In winter, they look frigid
dripping icicles, limned with snow,
brittle enough to snap
in the first stiff wind.
Live wires,
dangling, dancing
showering sparks.

Plunged into darkness,
and a dense silence
with its own dark weight
that made all the absent sounds
of a humdrum house
uncomfortably loud.
When a truck hit the shoulder
took out a pole
blacking us out.
When a storm
ripped down the wires,
like a flimsy clothesline, overloaded,
helter-skelter
on the ground.

They are always there
as I drive along,
straight wooden poles
regular as clockwork
I long ago stopped noticing.
Grim sentries
at attention
no matter what the weather.
And their wires, overhead
are flimsy life-lines,
like the thin thread
of contingency
on which everything depends.
The bad decision
and split-second difference.
The near miss, and sheer coincidence,
the critical bit
you couldn't predict.
In white-out conditions
of wind-driven snow.
The intersection
of quiet country roads.
That patch of ice,
crossing the centre-line
out of control.


The poem ends with an impending head-on collision, an example of the improbable intersections in time and space that can dramatically change a life 180 degrees.

This isn't the first time I've written about contingency, or used the "thin thread" analogy. Perhaps it comes to mind again because I've been binge-watching the first few season of the great HBO series Six Feet Under. Each episode begins with a mundane event in some random life. The viewer knows they will die unexpectedly in the next few minutes. And it is because they're normal people doing everyday things that we so easily identify, that we are so poignantly reminded of life's frailty: the arbitrary contingency, "the bad decision(s) and split-second difference(s) ...and sheer coincidence(s)" that stalk our every move.

When I sat down to write and was trying to think of something from the boring narrative of my own life to get me started, I thought about driving my familiar country road, and a picture came to mind of the overhead wires that run along it: in this extreme cold, a thin black line set against January's bleak snow. This led me to recall one of our numerous black-outs, in this case a bit of mystery because there was no high wind or freezing rain or lightning -- the usual causes.
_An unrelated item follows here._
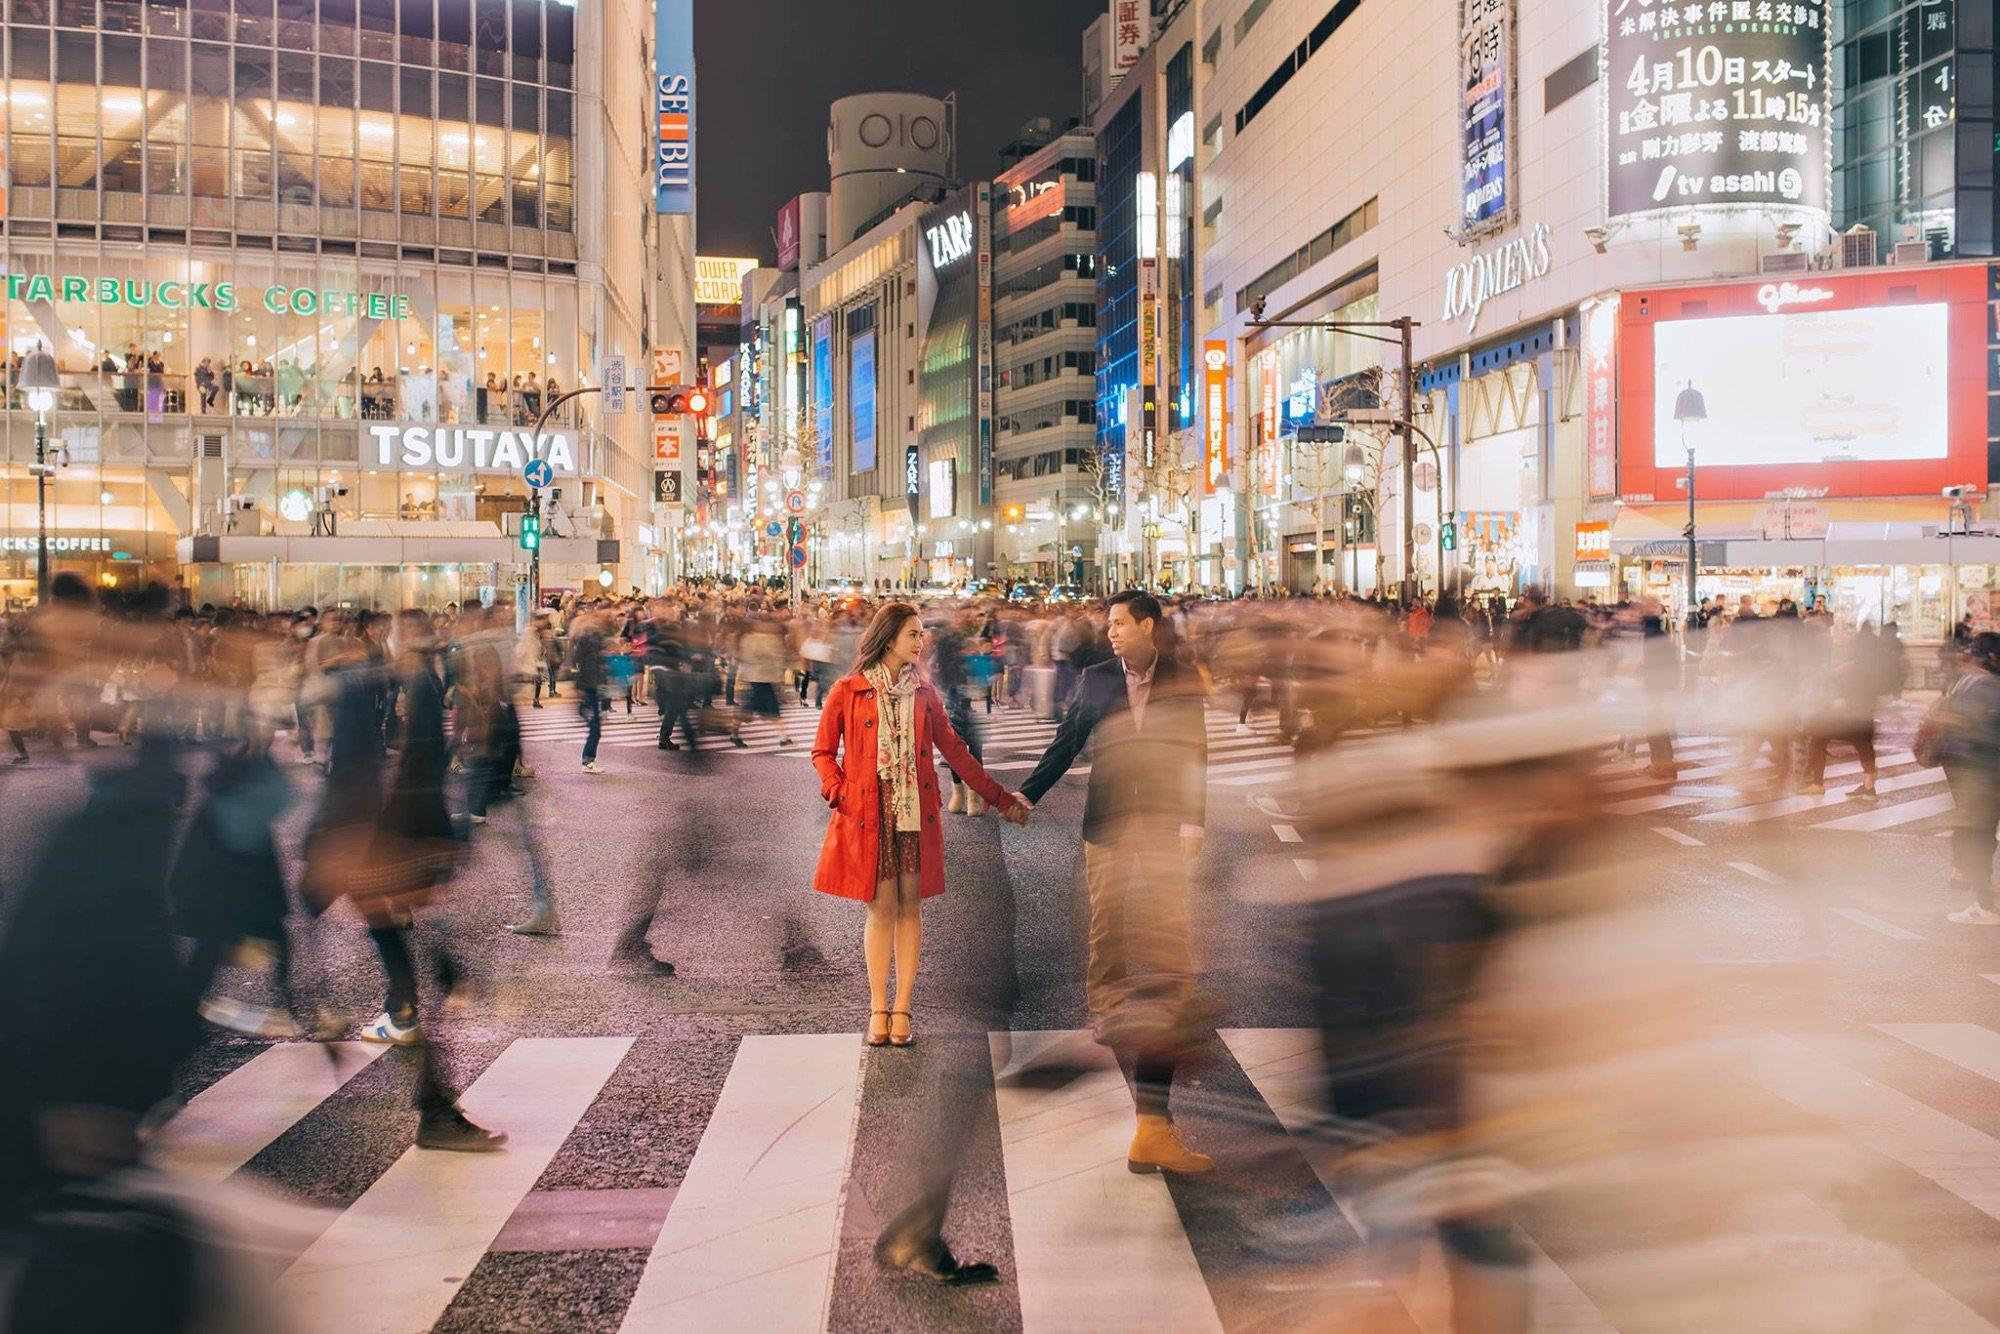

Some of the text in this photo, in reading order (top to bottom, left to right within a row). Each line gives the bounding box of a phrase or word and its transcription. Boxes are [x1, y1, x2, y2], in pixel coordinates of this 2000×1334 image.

Apparently, the unexpected cause was a truck running into a hydro pole.

So all this comes together in the poem, with consequences that escalate from a downed clothesline to downed power lines to instant death. And where that thin black line of electric wires is a metaphor for the lifeline, the "thin thread/ of contingency/ on which everything depends."

I'm concerned that the poem takes a sudden turn in the last stanza: that the dire ending comes out of nowhere; which is at best a kind of cheating, and at worst leaves the reader confused. But if it works, it's because of those 3 crucial lines in the 3rd stanza, which are a kind of foreshadowing: "when a truck hit the shoulder/ took out a pole/ blacking us out." So instead of coming out of the blue, the ending is more of a call-back, and the poem coheres.